The LLM Journey: From OpenAI Innovations to Open-Source Frontiers

Explore the evolution of OpenAI’s GPT models, the rise of open-source alternatives, and what the future holds for LLM development.

Ankur A. Patel

and

Saleem Maroof

Sep 26, 2023

OpenAI, with its GPT models, has led AI research and significantly influenced LLM development.
From GPT-1’s innovative approach in 2018 to GPT-4’s multimodal capabilities in 2023, each model has resulted in significant advancements in NLP.
Open-source LLMs like LLaMA-2 and the Falcon models are strong competitors to proprietary models.
Falcon-180B was released in September 2023 and is currently the best-performing open-source model, but it isn’t able to perform as well as GPT-4 in some benchmarks.
Future LLM development could see LLMs with more diverse multimodal capabilities, which include video and sound rather than just text and image inputs.
The LLM space is characterized by a cycle of innovation and holds a future where language models play a more integral role in everyday life.

This post is sponsored by Multimodal, an NYC-based startup setting out to make organizations more productive, effective, and competitive using generative AI.

Multimodal builds custom large language models for enterprises, enabling them to process documents instantly, automate manual workflows, and develop breakthrough products and services.

Visit their website for more information about transformative business AI.

Introduction

Large language models (LLMs) have revolutionized natural language processing (NLP). Before ChatGPT’s release in November 2022, LLMs were a potent tool that went under the radar due to their lack of public accessibility.

When OpenAI finally made ChatGPT accessible to anyone, it quickly gained widespread attention, reaching 1 million users in just 5 days.

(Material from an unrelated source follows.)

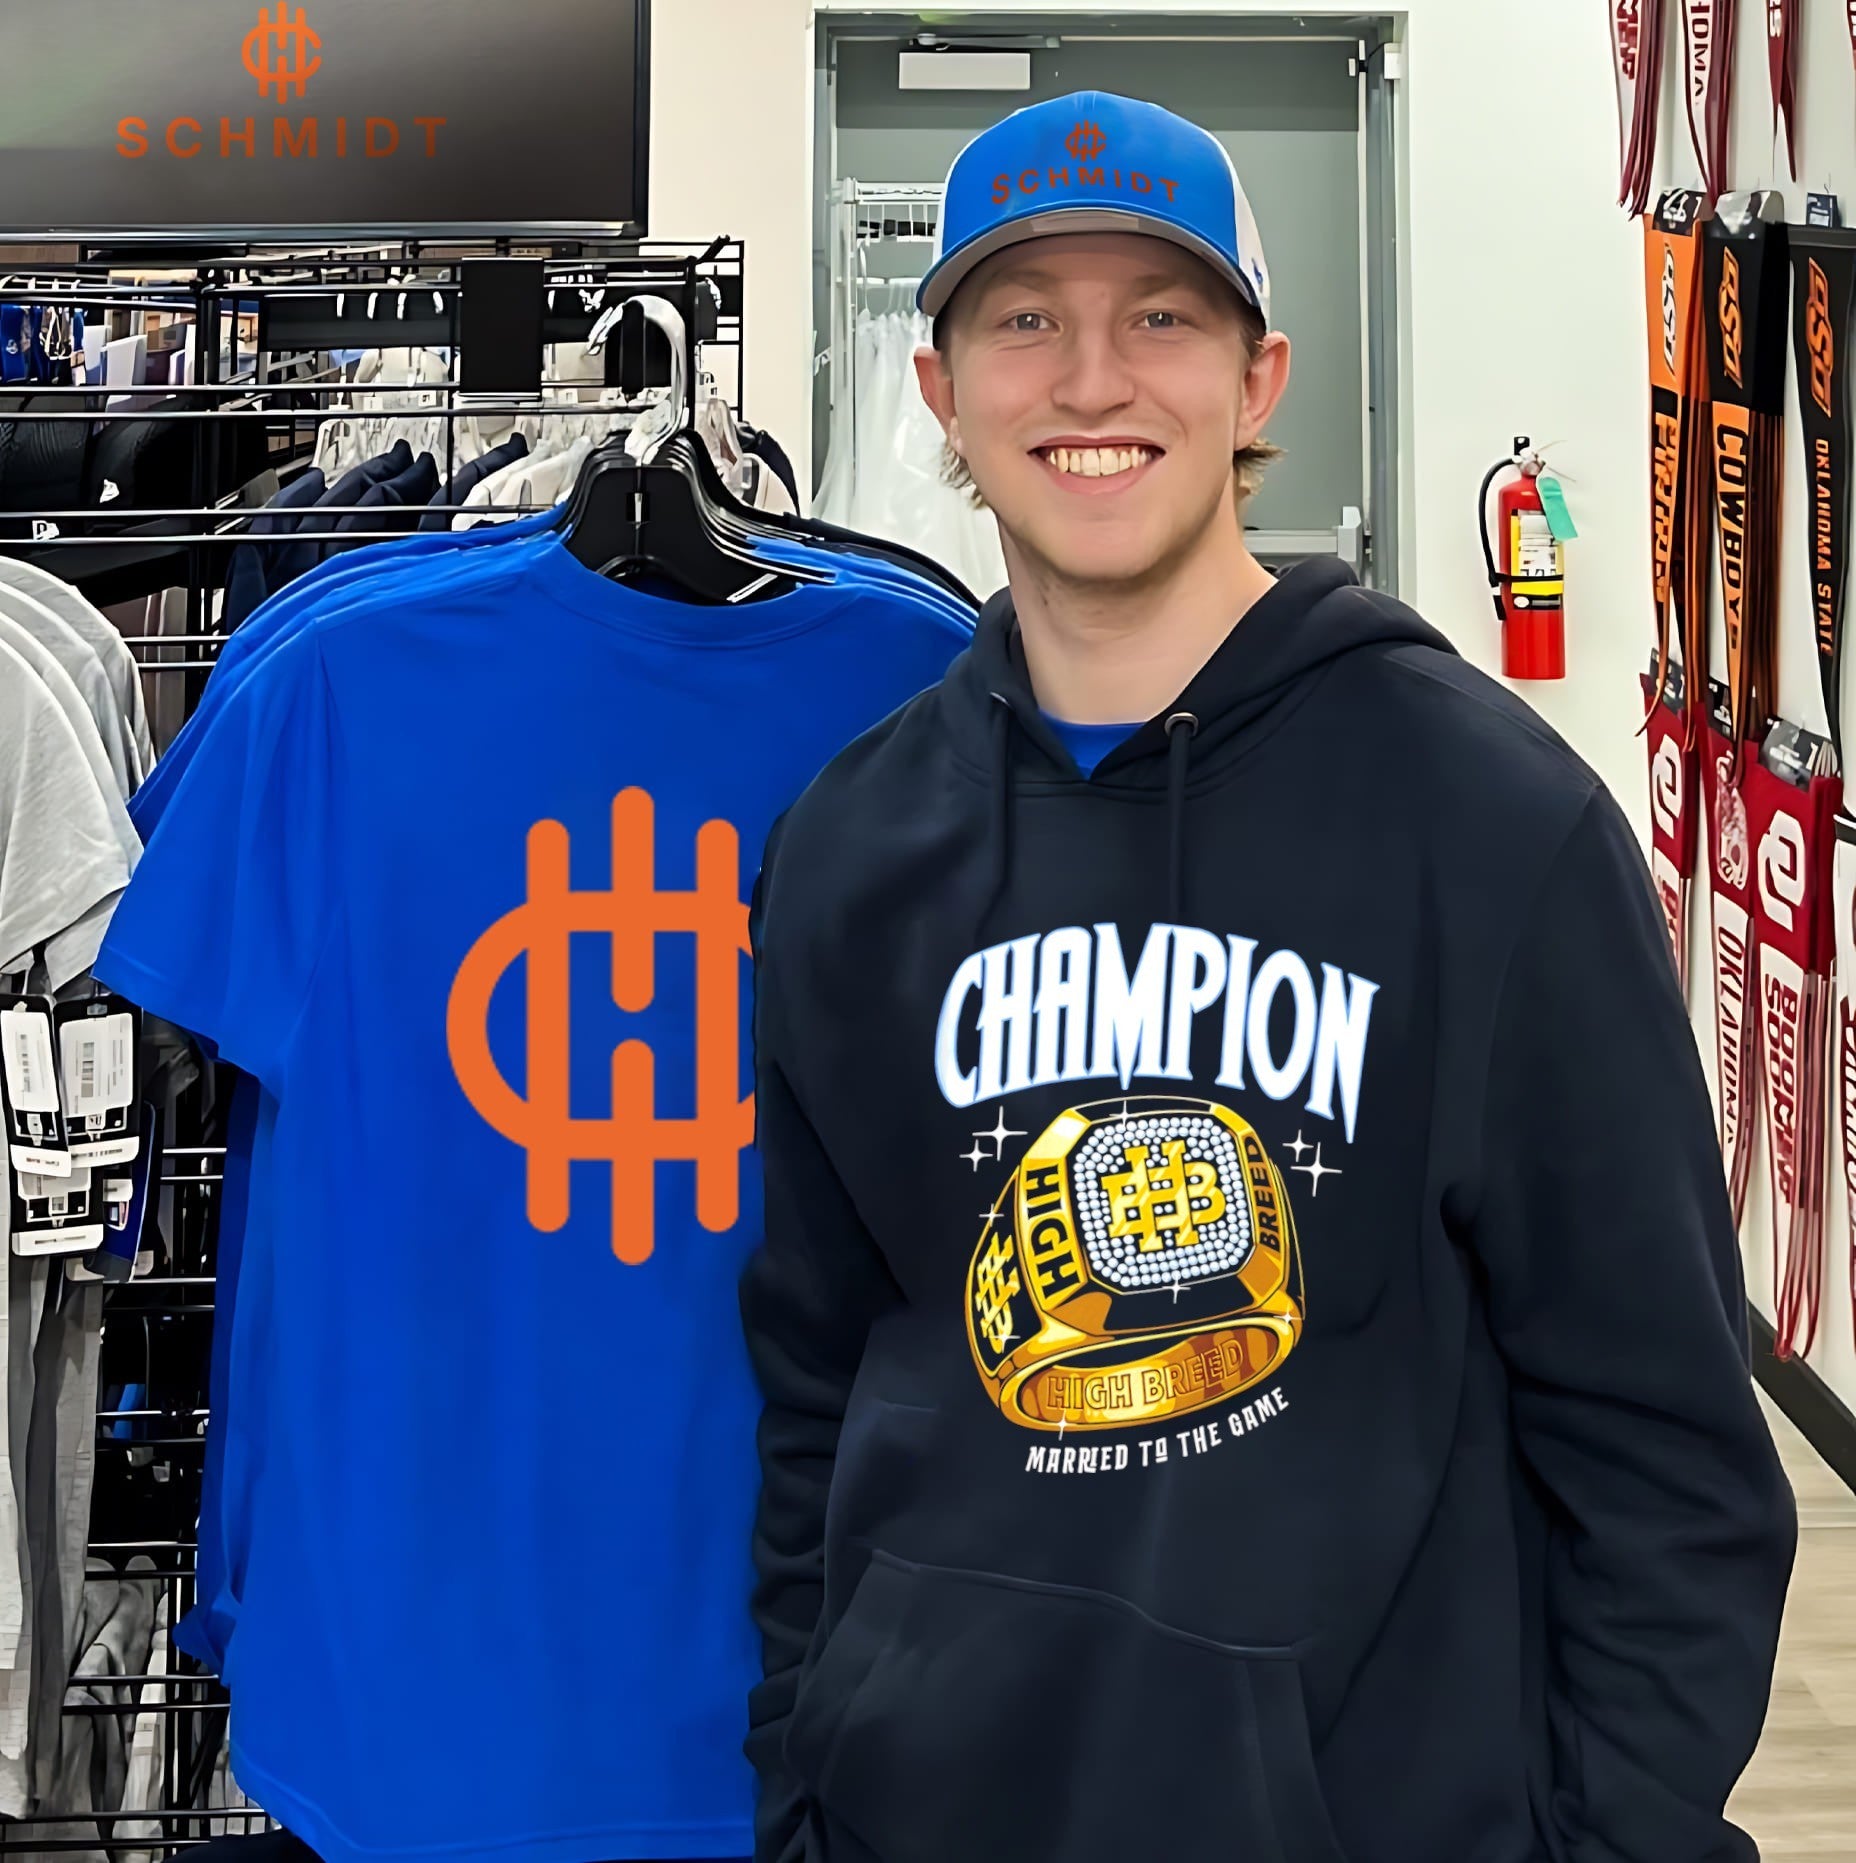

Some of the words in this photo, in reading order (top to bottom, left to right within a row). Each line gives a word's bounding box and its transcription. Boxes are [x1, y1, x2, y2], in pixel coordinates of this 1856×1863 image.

This post will trace the development of the GPT models, explore the challenges faced, delve into the rise of open-source competitors, and predict the future trajectory of LLMs.

OpenAI’s Contribution to LLMs

OpenAI was founded in December 2015 and has led the charge in artificial intelligence (AI) research. Their mission is to build safe AI models with practical uses in everyday life. They also work to minimize conflicts of interest that could compromise the broader benefits of AI.

Their most notable contribution to the world of LLMs is the generative pre-trained transformer (GPT) models.

GPT-1

Released in June 2018, GPT-1 was the first GPT model that OpenAI developed, containing 117M parameters. GPT-1 was a significant advancement in NLP by using unsupervised learning.

At the time, GPT-1 outperformed other methods using its innovative approach of a fine-tuned transformer language model.

GPT-1 used two key ideas:

Training a transformer model on large quantities of data with unsupervised learning.
Fine-tuning the model on smaller, supervised datasets to improve the model’s performance at certain tasks.

*GPT-1 achieved higher accuracy at question answering and common sense tasks than other methods.* (Source)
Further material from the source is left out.